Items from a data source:
::::::
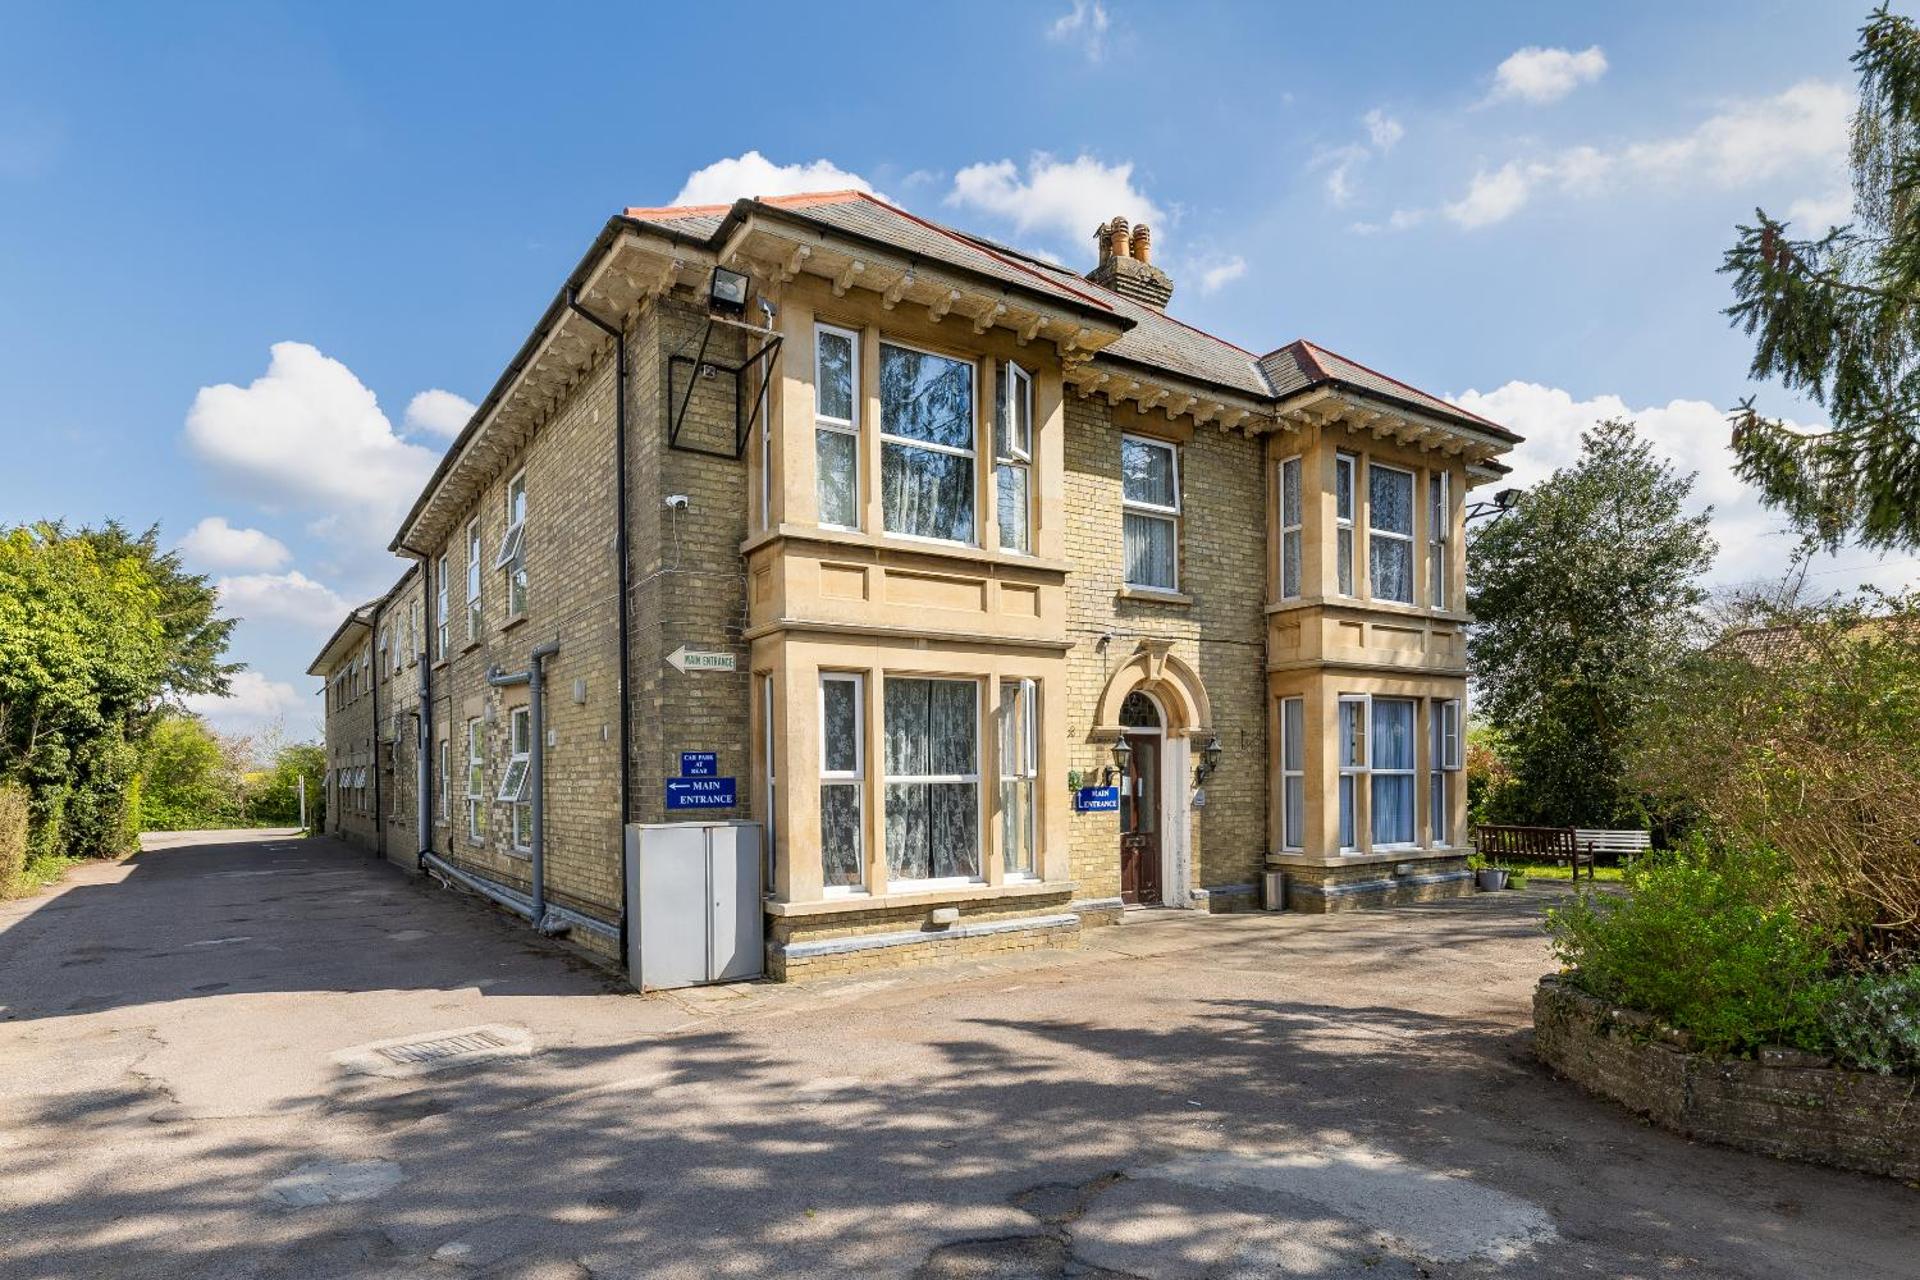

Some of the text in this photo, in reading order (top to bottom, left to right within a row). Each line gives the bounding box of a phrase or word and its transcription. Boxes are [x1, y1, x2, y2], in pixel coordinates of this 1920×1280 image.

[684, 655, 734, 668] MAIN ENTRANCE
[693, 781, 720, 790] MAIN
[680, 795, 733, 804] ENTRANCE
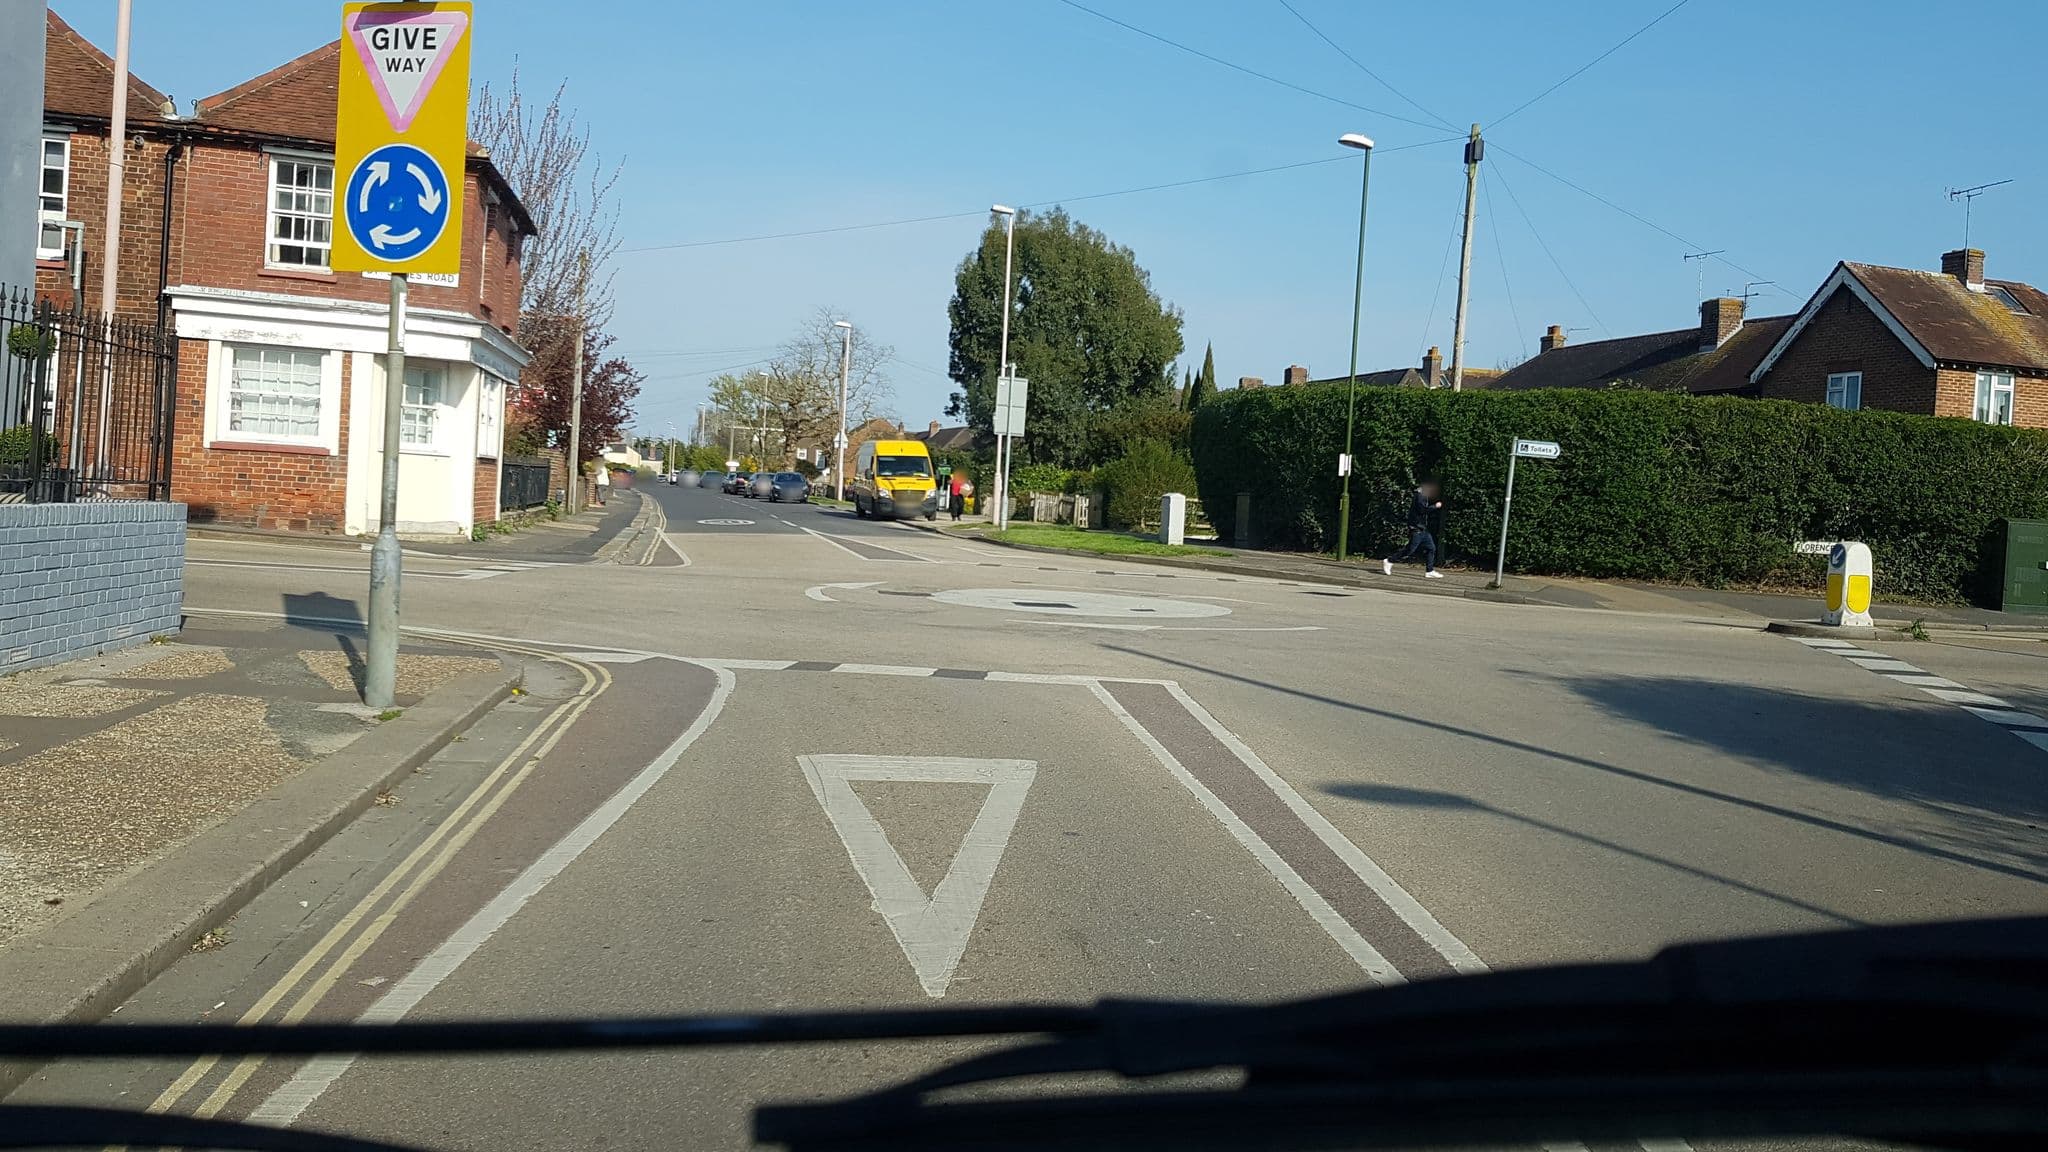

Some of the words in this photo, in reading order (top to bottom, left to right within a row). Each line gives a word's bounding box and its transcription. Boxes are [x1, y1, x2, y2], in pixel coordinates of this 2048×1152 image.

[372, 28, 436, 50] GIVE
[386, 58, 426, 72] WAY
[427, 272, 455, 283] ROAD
::::::
--- ACTION ITEM ---
Could you repeat all of the data exactly, minus the pictures?

--- EXERCISE SOLUTION ---
Some of the text in this photo, in reading order (top to bottom, left to right within a row). Each line gives the bounding box of a phrase or word and its transcription. Boxes are [x1, y1, x2, y2], in pixel coordinates of this 1920×1280 image.

[684, 655, 734, 668] MAIN ENTRANCE
[693, 781, 720, 790] MAIN
[680, 795, 733, 804] ENTRANCE

Some of the words in this photo, in reading order (top to bottom, left to right within a row). Each line gives a word's bounding box and its transcription. Boxes are [x1, y1, x2, y2], in pixel coordinates of this 2048×1152 image.

[372, 28, 436, 50] GIVE
[386, 58, 426, 72] WAY
[427, 272, 455, 283] ROAD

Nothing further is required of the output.